Studies have shown that barriers for using assistive devices are often related to individual motivation, lack of proper meaningful guidelines and management support [5, 2630]. One theory is that these barriers for using assistive devices among healthcare workers may be a result of reduced worker involvement [50]. As participatory interventions have shown to increase ownership and understanding of these challenges [18], we decided to design a study where healthcare workers and leaders, using a participatory approach, develop solutions for increasing the use of assistive devices in their department. Consequently, the present study will, in a cluster randomized controlled trial, provide documentation on: 1) the efficacy of an organizational participatory ergonomic intervention for, objectively measured, increased use of assistive devices, and 2) how to improve the use of assistive devices for patient transfer among hospital healthcare workers.

Although participatory approaches have been shown to reduce the number of work-related injuries, the majority of the studies are non-randomized or without a control group [18]. The lack of randomized controlled trials may be due to the relatively low incidence rate of work-related injuries during patient transferring, and thus the need for sufficient statistical power (the annual incidence rate of back injuries is less than 4% among Danish healthcare workers [13]). Accordingly, Burdorf et al. suggested that finding statistically significant results in injury rates in a randomized controlled trial on reduction of manual patient transfer would require a sample size of more than 10.000 healthcare workers [51]. Therefore, other solutions need to be found. As consistent use of assistive devices for patient transfer may reduce the risk of work-related injuries and musculoskeletal pain [13, 15, 17], the present study will use objective measures of the use of assistive devices for patient transfer as a proxy outcome for injury reduction/prevention that is more accessible for randomized controlled trials. Thus, we hypothesize that improving the use of assistive devices per patient transfers will reduce the total number of manual lifts/transfers, and thus the risk of patient transfer injuries.

Strength and limitations

Compared to previous studies using self-reported data [15, 29, 50], a strength of this study is the objectively measured use of assistive devices. However, since it is not possible to measure the use of all devices using accelerometers (i.e. sliding sheets), there are still limitations to using this approach. For that reason, we chose to encourage the employees to press interactive digital push-button counters whenever they leave a patient-room after having performed a patient transfer. Using this method we hope to be able to assess the actual relationship between patient transfers with and without the use of any type of assistive device in situations where use of assistive devices was deemed necessary. However, as this approach is an objective measure that is based on individual subjective motivation for pushing the buttons, questionnaires regarding the healthcare workers’ use of the push-buttons, and observations of a working day and their use of the buttons after performing patient transfer will be conducted to validate this method. A limitation of this method is, however, that it’s not possible to distinguish between the types of assistive devices used and not used. To partly accommodate for this, we will also measure the use of assistive devices such as lifts and mobile patient transporters using accelerometers. However, a full analysis of the total use of all types of assistive devices is not possible using this setup.

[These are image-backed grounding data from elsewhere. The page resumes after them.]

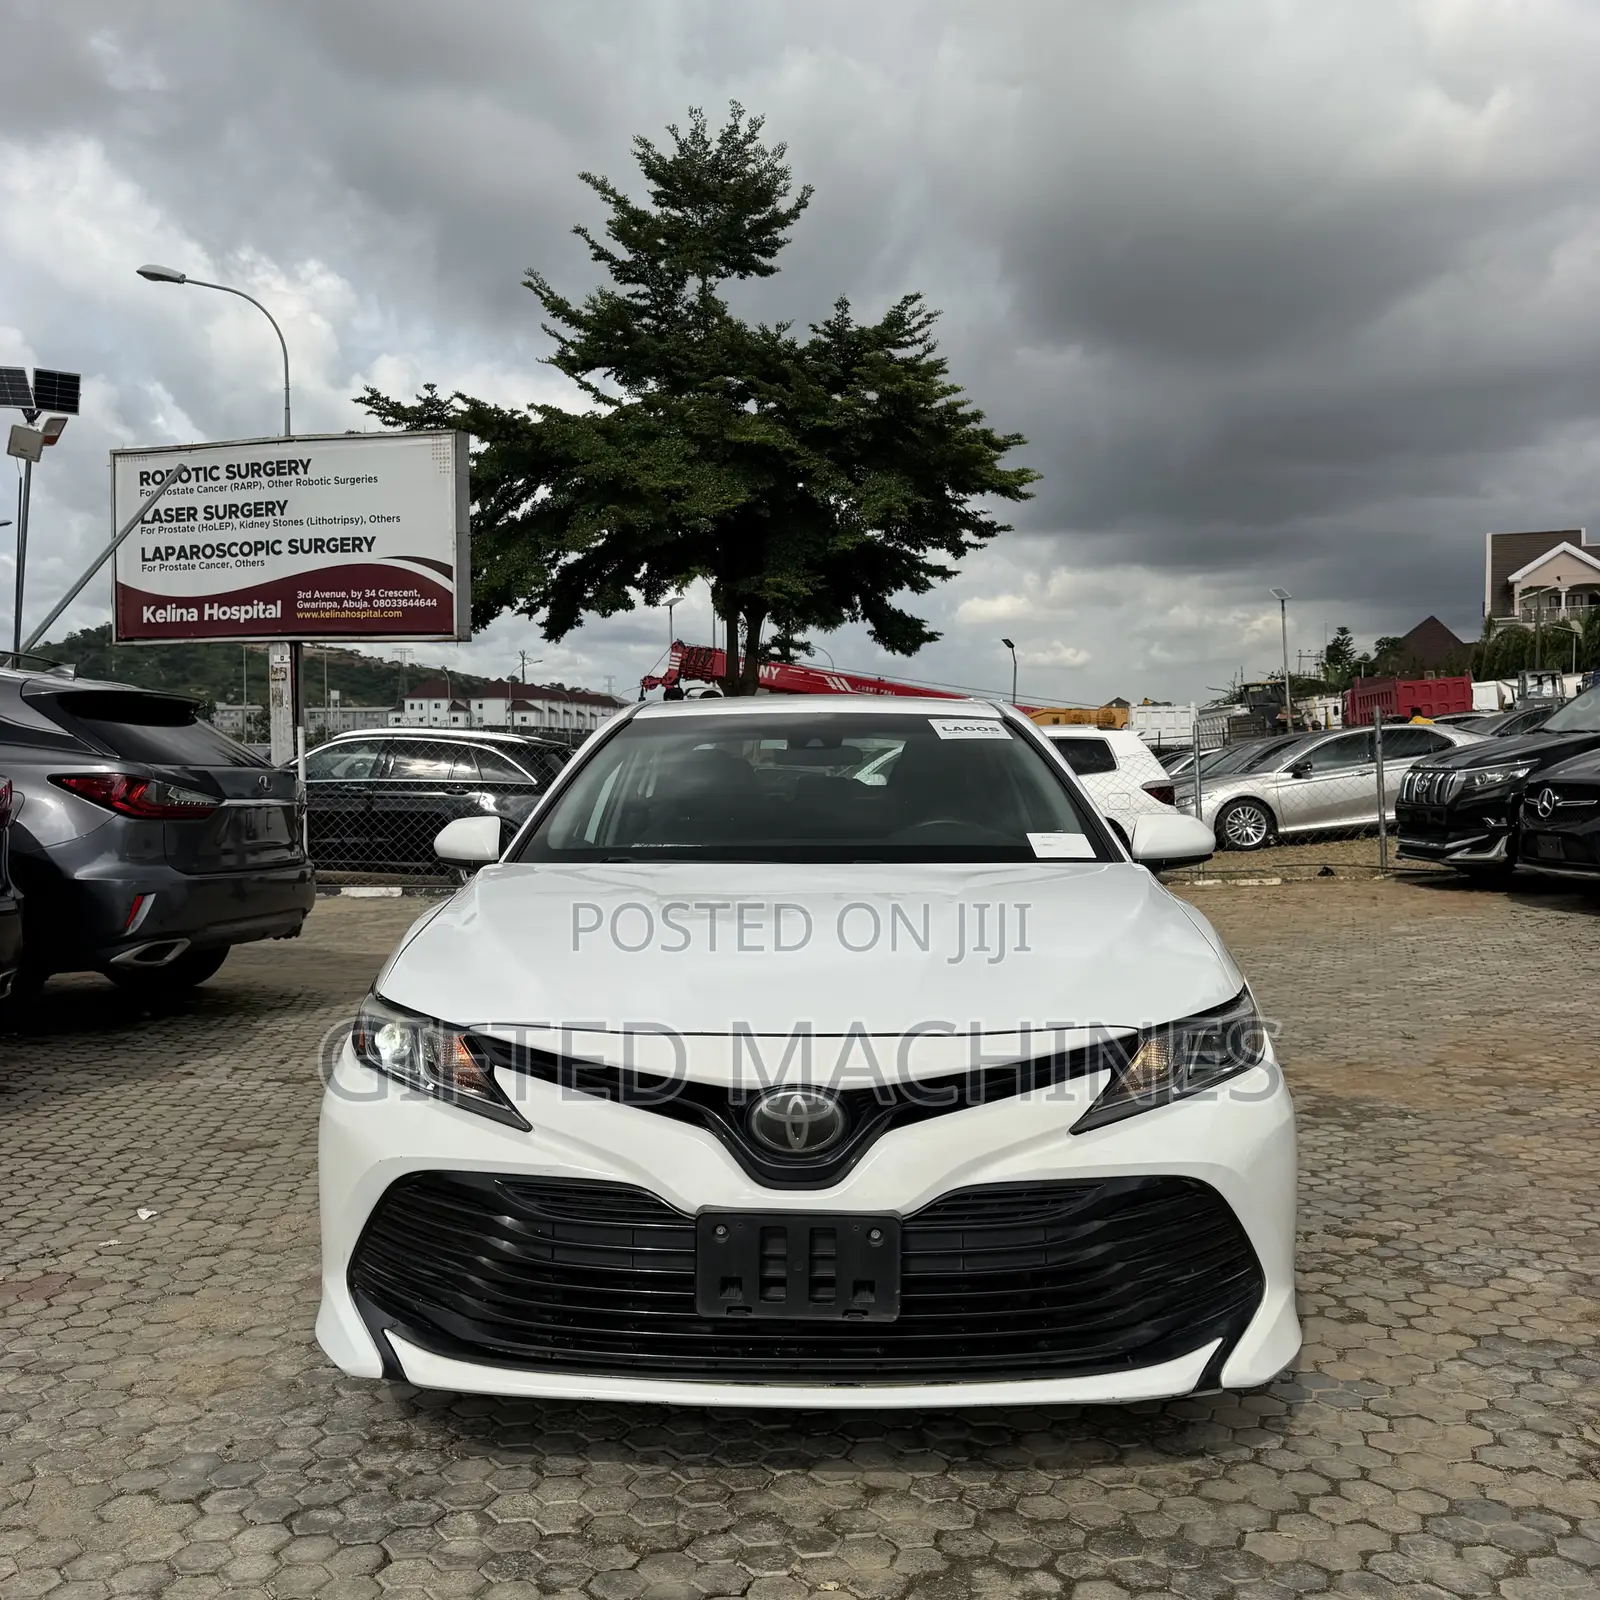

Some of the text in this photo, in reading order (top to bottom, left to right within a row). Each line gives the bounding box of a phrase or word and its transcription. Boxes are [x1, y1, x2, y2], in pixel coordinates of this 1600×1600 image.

[225, 459, 311, 480] SURGERY
[160, 486, 194, 496] rostate
[197, 485, 227, 494] Cancer
[230, 481, 265, 492] (RARP),
[267, 479, 293, 488] Other
[296, 476, 331, 487] Robotic
[334, 474, 378, 485] Surgeries
[203, 500, 288, 520] SURGERY
[141, 514, 400, 534] For Prostate (HoLEP), Kidney Stones (Lithotripsy), Others
[141, 536, 376, 562] LAPAROSCOPIC SURGERY
[141, 559, 265, 572] For Prostate Cancer, Others
[297, 589, 420, 600] 3rd Avenue, by 34 Crescent,
[297, 599, 437, 610] Gwarinpa, Abuja. 08033644644
[142, 599, 281, 623] Kelina Hospital
[297, 609, 402, 619] www.kelinahospital.com
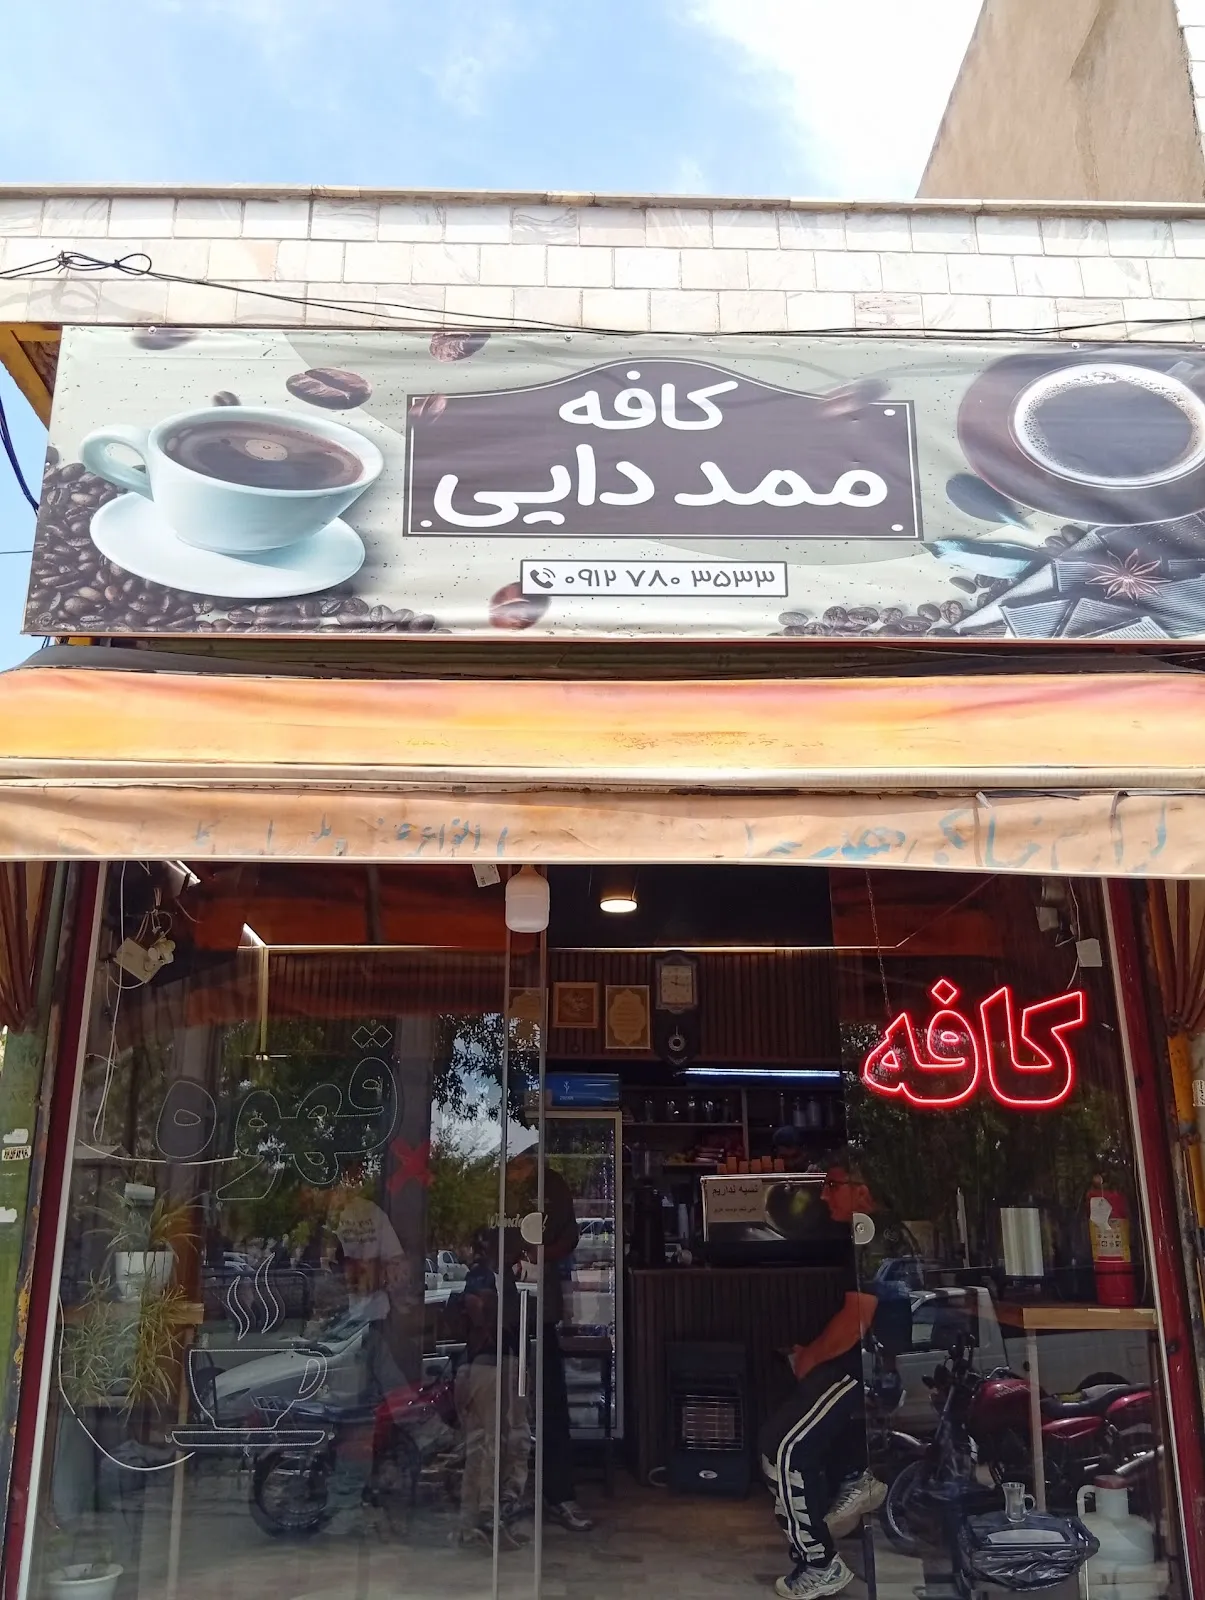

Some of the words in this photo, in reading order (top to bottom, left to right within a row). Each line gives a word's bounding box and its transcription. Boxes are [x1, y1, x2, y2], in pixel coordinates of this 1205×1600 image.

[558, 370, 739, 431] کافه
[433, 443, 655, 527] دایی
[674, 461, 888, 508] ممد
[565, 568, 617, 587] ۰۹۱۲
[625, 569, 680, 587] ۷۸۰
[691, 569, 775, 588] ۳۵۳۳
[862, 977, 1085, 1106] کافه
[156, 1025, 398, 1200] قهوه

Besides an effect evaluation of study outcomes, another strength of this study is the incorporation of a process evaluation assessing the implementation, the change process and the impact of context aspects. Through this comprehensive evaluation we expect to gain insight on how to improve the use of assistive devices through participatory worker involvement. A final strength of this study design is the use of cluster randomization, which prevents contamination between individuals of the intervention and the control group.